Could you retype every line below exactly, omitting the images?

Collected data entries:
[Start of section]

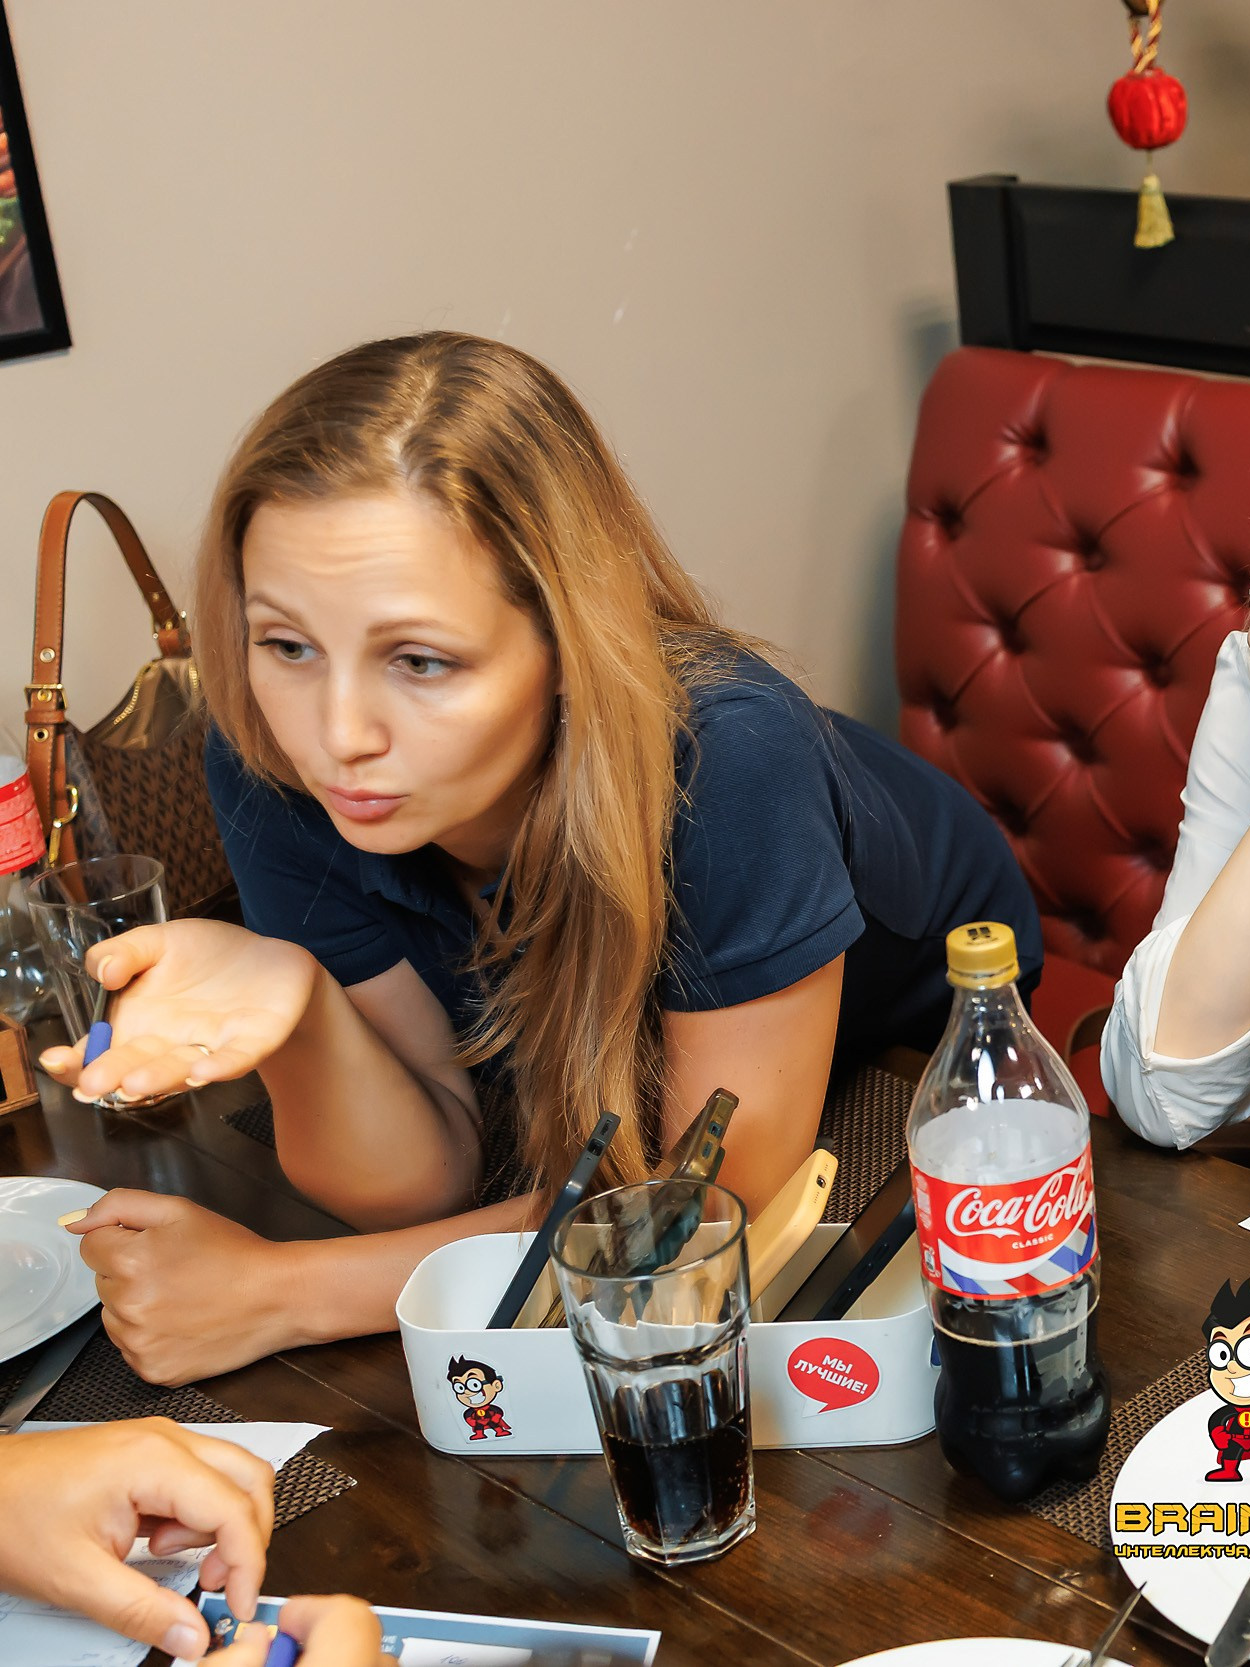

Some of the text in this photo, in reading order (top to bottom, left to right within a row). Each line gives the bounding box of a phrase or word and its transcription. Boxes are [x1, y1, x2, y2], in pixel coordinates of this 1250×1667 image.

[945, 1155, 1087, 1238] Coca-Cola
[1011, 1233, 1054, 1250] CLASSIC
[794, 1359, 869, 1395] ЛУЧШИЕ!
[822, 1354, 853, 1374] МЫ
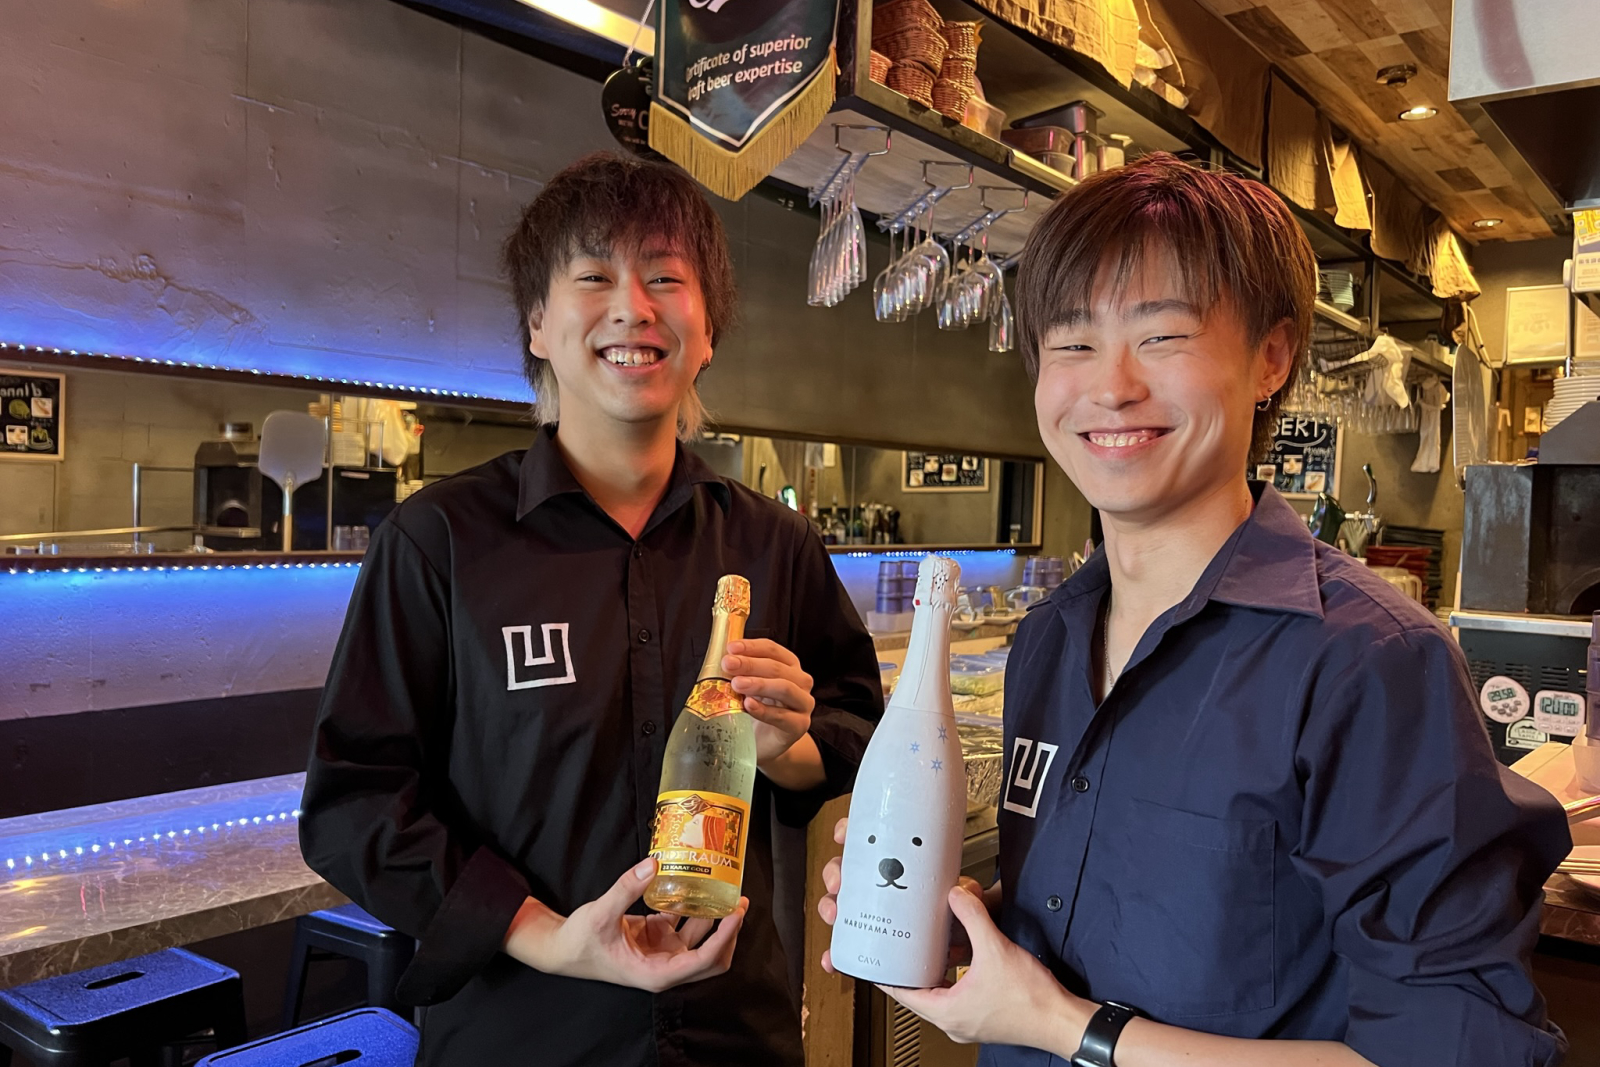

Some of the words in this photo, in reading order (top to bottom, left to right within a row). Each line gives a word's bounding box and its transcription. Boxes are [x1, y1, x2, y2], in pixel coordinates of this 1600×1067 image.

[732, 44, 749, 64] of
[749, 35, 812, 58] superior
[706, 73, 734, 92] beer
[734, 58, 803, 83] expertise
[690, 866, 710, 874] GOLD
[859, 911, 892, 925] SAPPORO
[843, 917, 888, 935] MARUYAMA
[892, 929, 912, 939] ZOO
[857, 954, 881, 967] CAVA
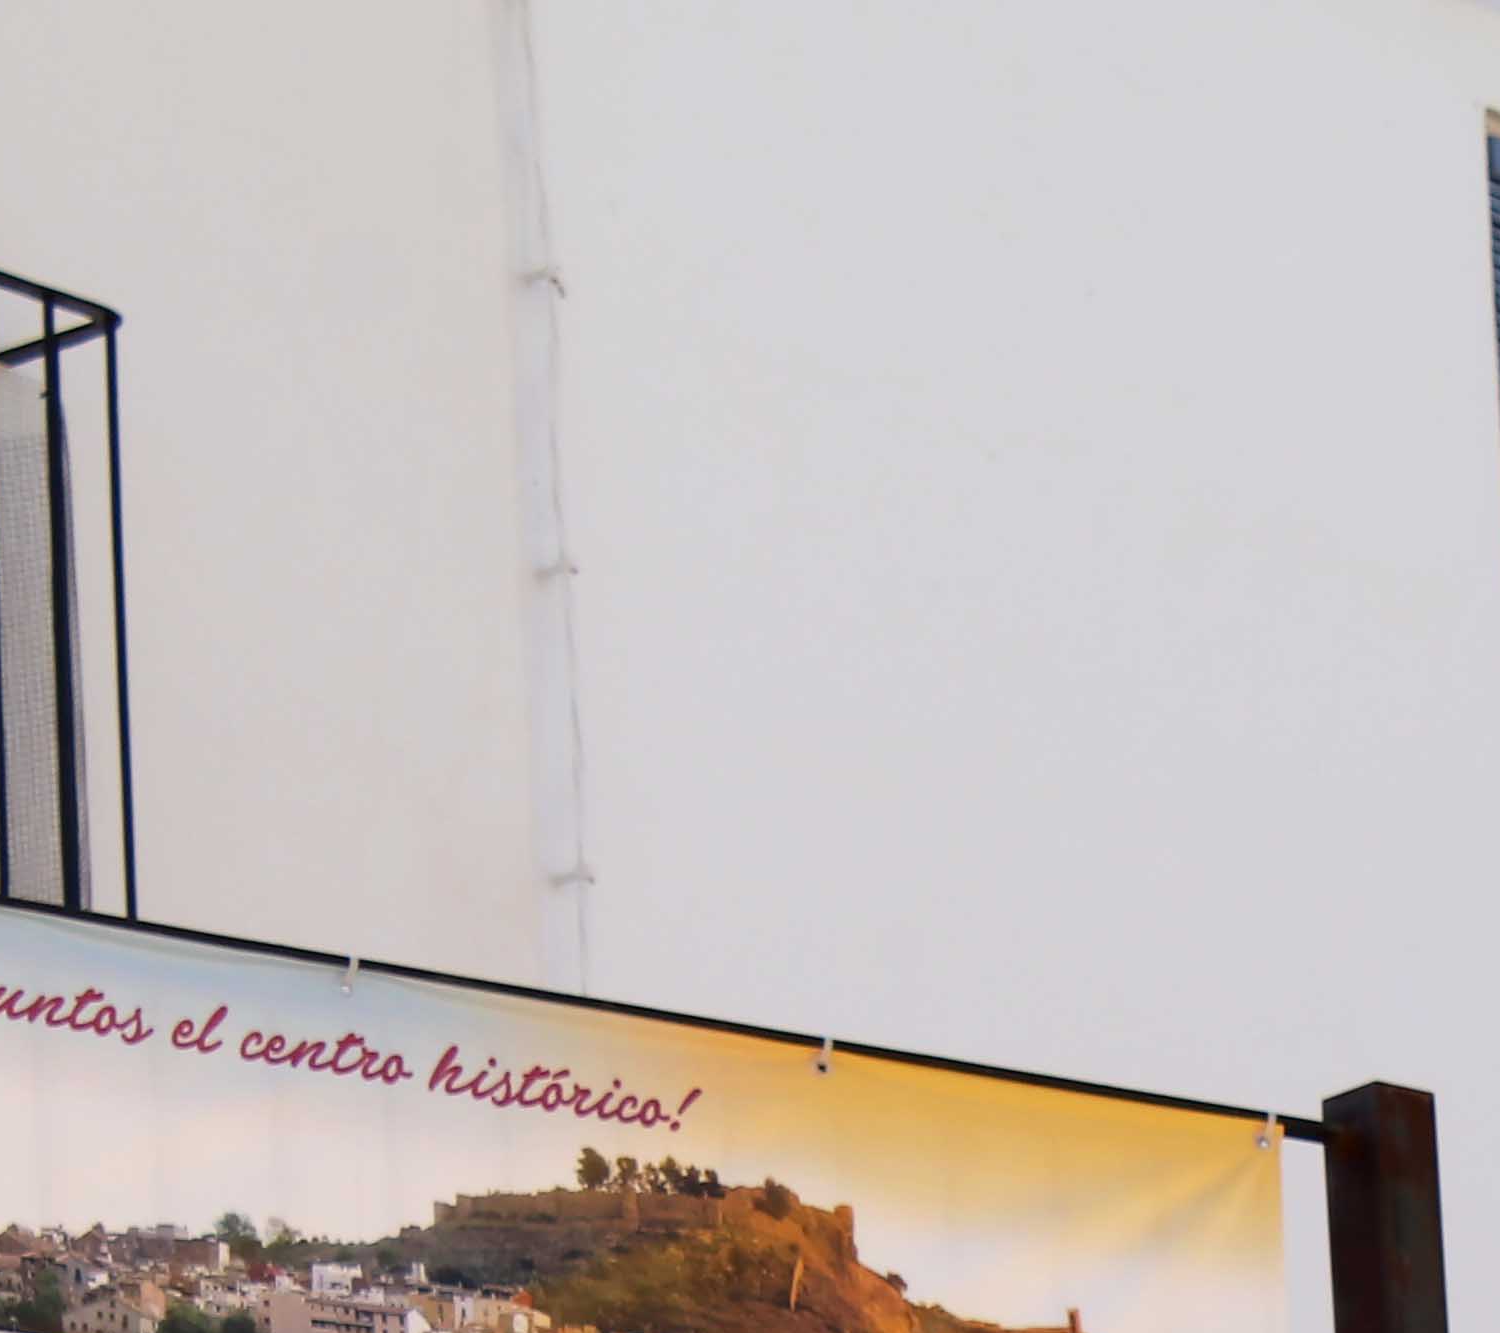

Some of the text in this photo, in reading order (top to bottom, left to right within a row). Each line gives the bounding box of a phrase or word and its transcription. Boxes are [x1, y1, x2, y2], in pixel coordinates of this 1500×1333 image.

[171, 1003, 229, 1054] el
[240, 1032, 414, 1084] centro
[428, 1045, 703, 1132] histórico!
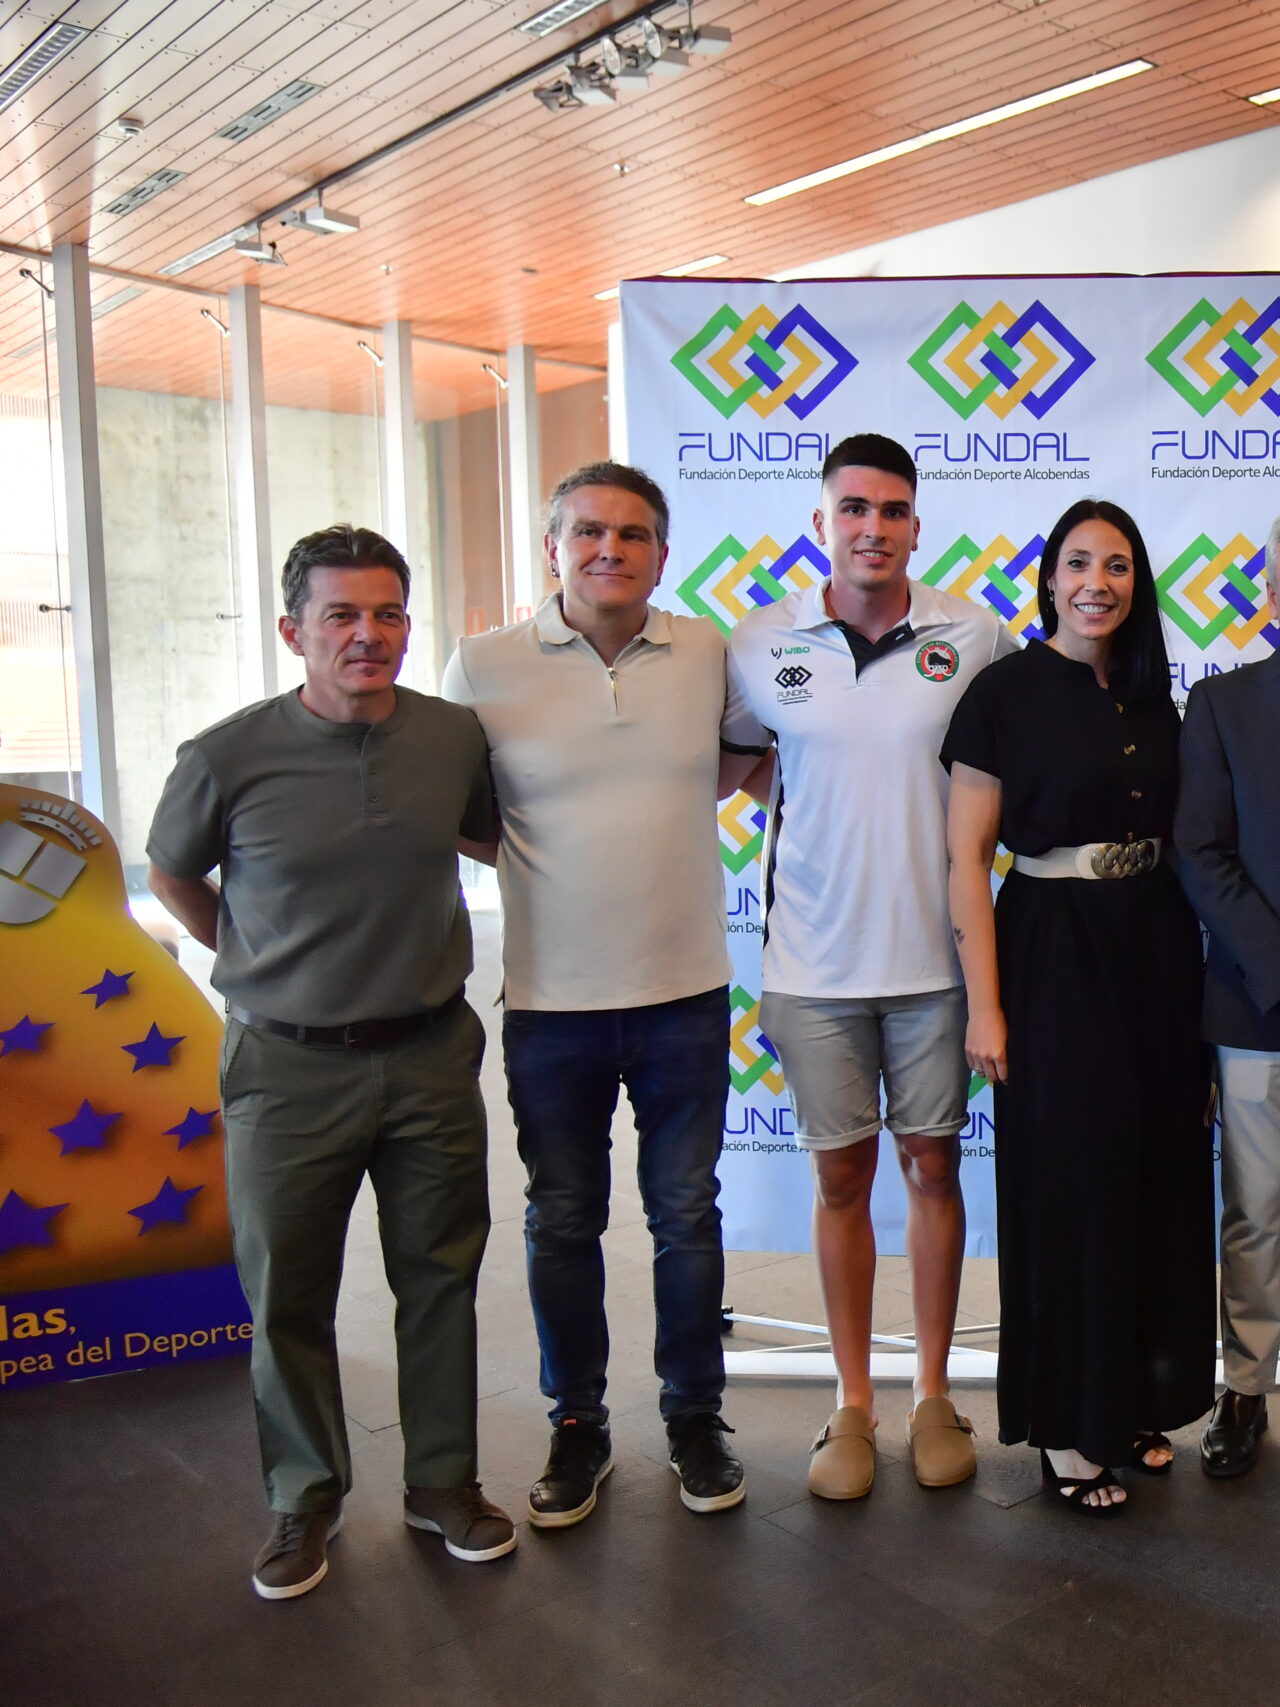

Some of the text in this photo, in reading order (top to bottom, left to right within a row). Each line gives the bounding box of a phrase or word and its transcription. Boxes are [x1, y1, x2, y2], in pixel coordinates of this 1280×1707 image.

[End of section]

Answer section:
Some of the text in this photo, in reading order (top to bottom, left to right within a row). Each line gives the bounding box of a phrase or word and its transcription. Boxes are [x1, y1, x2, y2], in pixel coordinates of this 1250×1667 image.

[945, 1155, 1087, 1238] Coca-Cola
[1011, 1233, 1054, 1250] CLASSIC
[794, 1359, 869, 1395] ЛУЧШИЕ!
[822, 1354, 853, 1374] МЫ

Some of the words in this photo, in reading order (top to bottom, left to right within a row). Each line gives a word's bounding box and its transcription. Boxes are [x1, y1, x2, y2], in pixel coordinates of this 1600×1067 image.

[732, 44, 749, 64] of
[749, 35, 812, 58] superior
[706, 73, 734, 92] beer
[734, 58, 803, 83] expertise
[690, 866, 710, 874] GOLD
[859, 911, 892, 925] SAPPORO
[843, 917, 888, 935] MARUYAMA
[892, 929, 912, 939] ZOO
[857, 954, 881, 967] CAVA

Some of the text in this photo, in reading order (top to bottom, left to right within a row). Each line gives the bounding box of a phrase or word and its transcription. Boxes are [x1, y1, x2, y2], in pixel coordinates of this 1500×1333 image.

[171, 1003, 229, 1054] el
[240, 1032, 414, 1084] centro
[428, 1045, 703, 1132] histórico!

Some of the text in this photo, in reading order (top to bottom, left to right within a row). Each line gives the bounding box of a phrase or word and its transcription. Boxes are [x1, y1, x2, y2], in pixel coordinates of this 1280×1707 image.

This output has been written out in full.